At a once vibrant communal-living property in the British countryside, back-to-basics fervor has given way to a vague discontent. A place that once buzzed with activity, from the polytunnels to the pottery shed, now functions with a skeleton crew. Founder Don Riley surveys his domain with the grim focus of someone who knows what’s best for everyone—and isn’t afraid to let them know. Especially when those people are related to him.

Don’s wife, Freya, can’t quite decide whether not liking someone anymore is enough reason to end a twenty-year marriage. So she decamps to a mud yurt in the woods to mull it over. Their seventeen-year-old daughter, Kate, enrolls in school for the first time in her life: the exotic new world of fellow teenagers and surprisingly tasty cafeteria food beckons, and she is quickly lured into the arms of a “meathead” classmate. In his sister’s absence, eleven-year-old Albert falls under the spell of an outlandish new visitor to the community who fills his head with strange notions of the impending end of the world.
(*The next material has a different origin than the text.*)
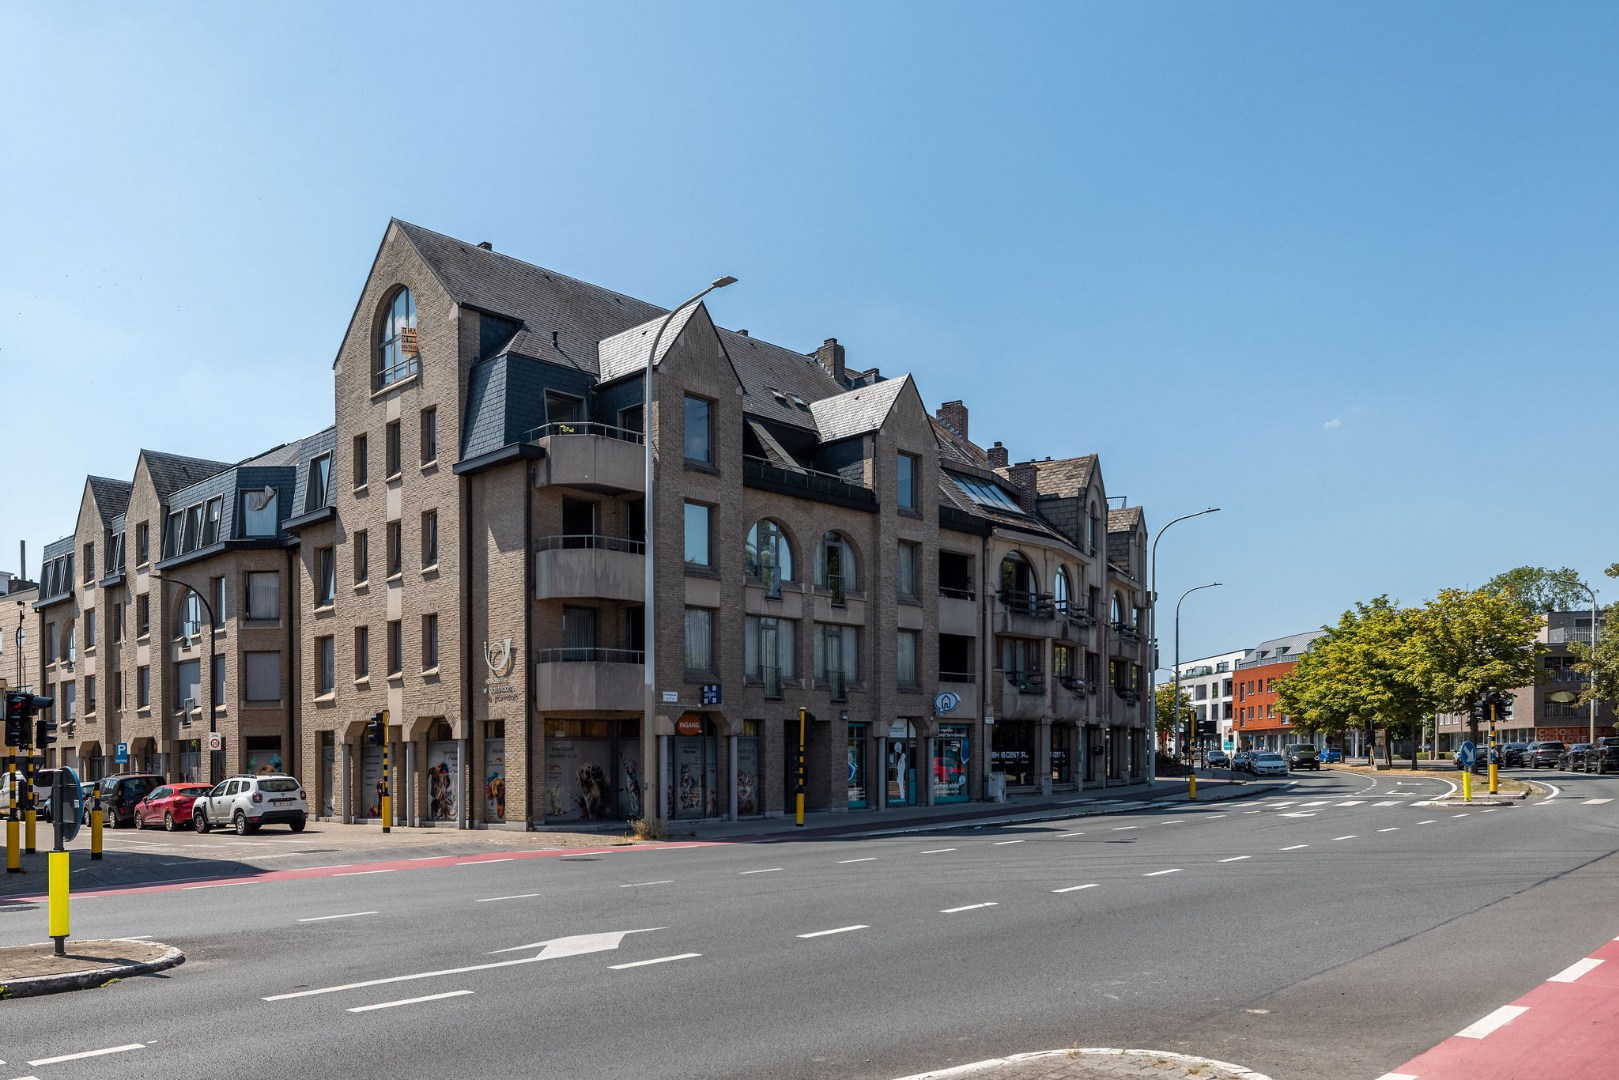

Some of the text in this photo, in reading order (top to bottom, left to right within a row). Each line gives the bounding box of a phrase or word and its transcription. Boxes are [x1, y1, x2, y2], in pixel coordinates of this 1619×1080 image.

Faced with the task of rescuing his son from apocalyptic fantasies, his daughter from the clutches of suburbia, and his wife from her increasingly apparent desire to leave him, Don convinces himself that the only way to save the world he’s created is . . . to throw the biggest party of his life. Will anyone show up?

From the acclaimed young author of Submarine, Wild Abandon is a strange and wonderful look at love—familial and romantic, returned and rebuffed—and the people and places we choose to call home.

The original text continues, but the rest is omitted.